Activity —
If an entry below holds a picture, leave the picture out and print the rest exactly.

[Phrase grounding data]
_ _ _

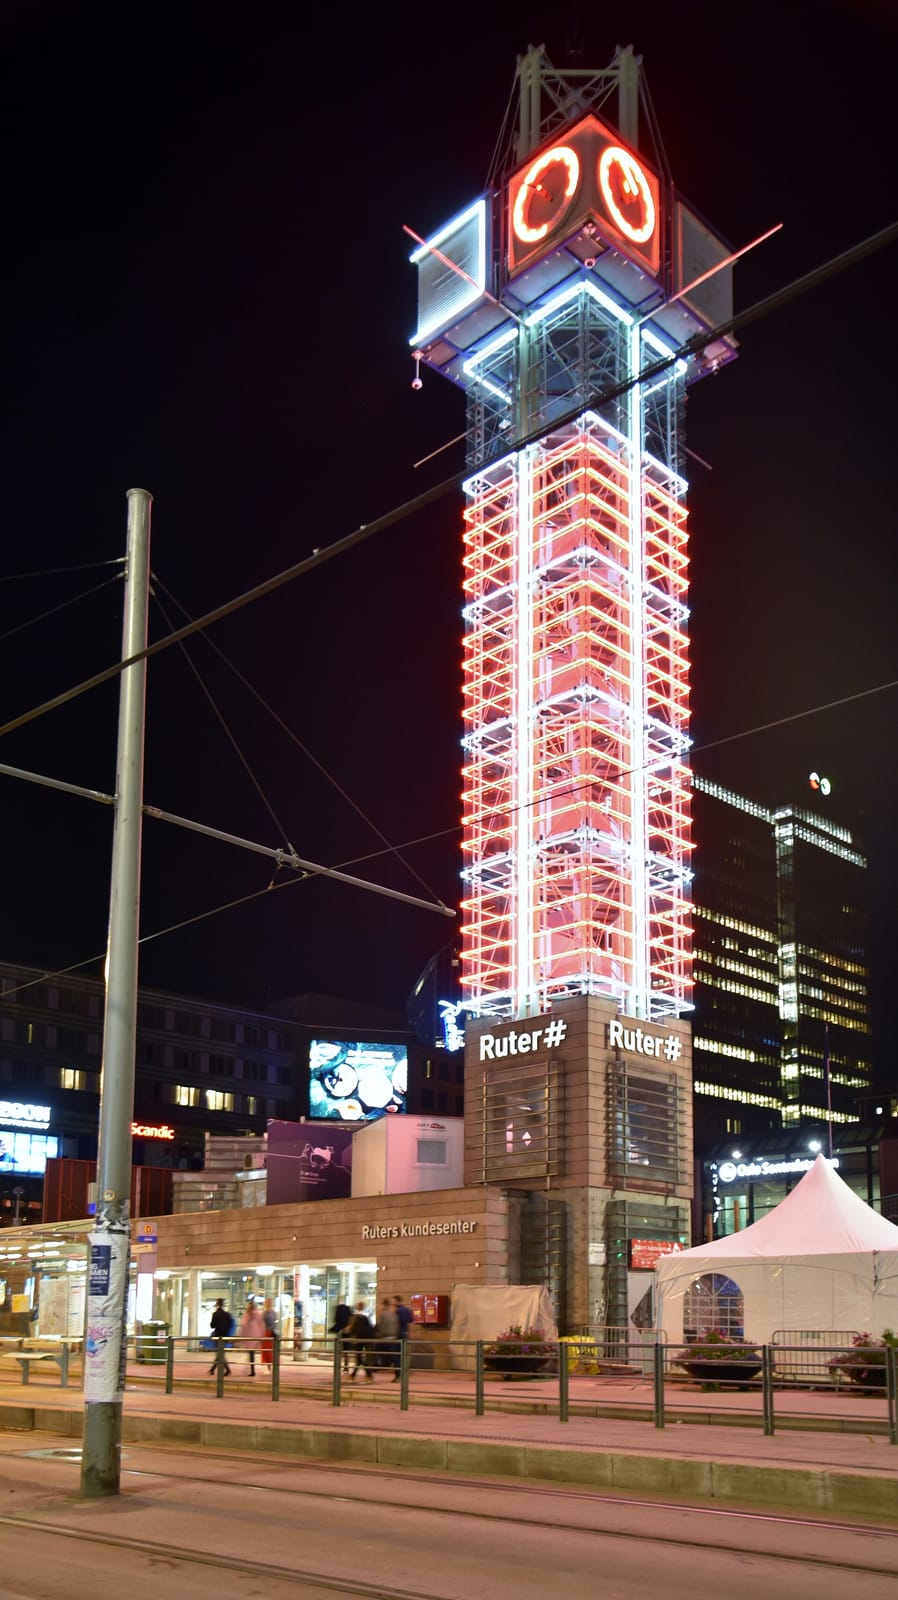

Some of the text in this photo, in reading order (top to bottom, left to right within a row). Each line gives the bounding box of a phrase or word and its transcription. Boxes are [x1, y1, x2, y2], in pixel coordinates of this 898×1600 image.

[479, 1019, 567, 1061] Ruter#
[609, 1019, 682, 1061] Ruter#
[130, 1122, 175, 1139] Scandic
[362, 1219, 476, 1240] Ruters kundesenter
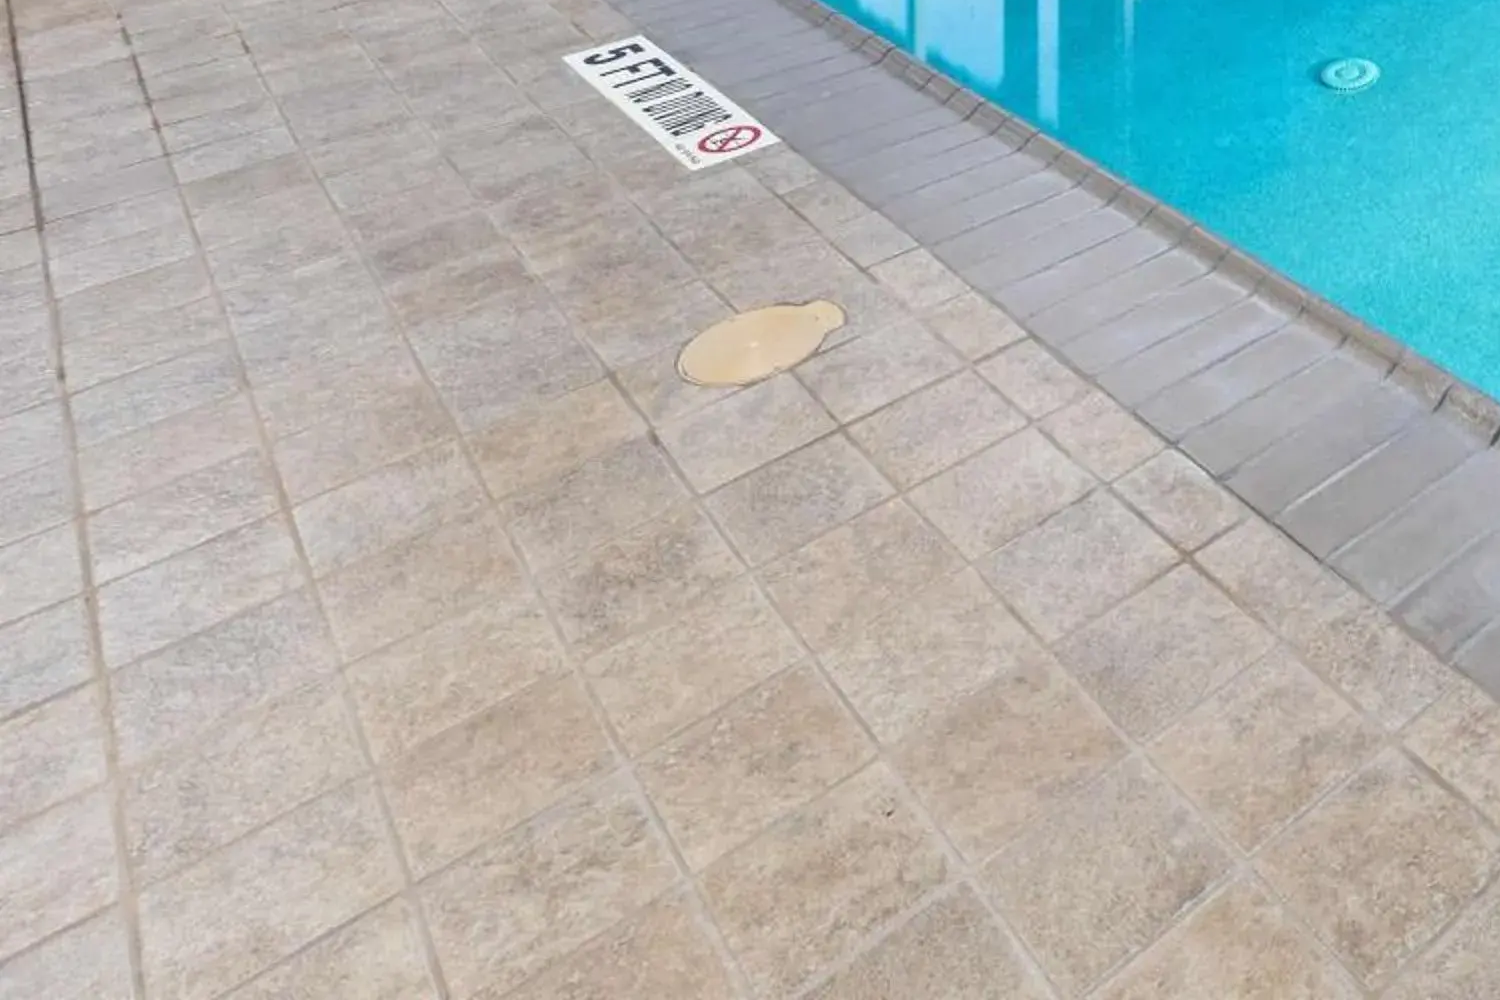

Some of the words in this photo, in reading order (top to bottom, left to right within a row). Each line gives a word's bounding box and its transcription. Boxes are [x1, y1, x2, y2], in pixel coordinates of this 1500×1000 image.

[583, 43, 645, 65] 5
[600, 57, 676, 89] FT
[624, 77, 694, 104] NO
[641, 91, 732, 137] DIVING

_ _ _

Expected answer —
Some of the text in this photo, in reading order (top to bottom, left to right within a row). Each line gives the bounding box of a phrase or word and its transcription. Boxes are [x1, y1, x2, y2], in pixel coordinates of this 898×1600 image.

[479, 1019, 567, 1061] Ruter#
[609, 1019, 682, 1061] Ruter#
[130, 1122, 175, 1139] Scandic
[362, 1219, 476, 1240] Ruters kundesenter

Some of the words in this photo, in reading order (top to bottom, left to right within a row). Each line gives a word's bounding box and its transcription. Boxes are [x1, y1, x2, y2], in pixel coordinates of this 1500×1000 image.

[583, 43, 645, 65] 5
[600, 57, 676, 89] FT
[624, 77, 694, 104] NO
[641, 91, 732, 137] DIVING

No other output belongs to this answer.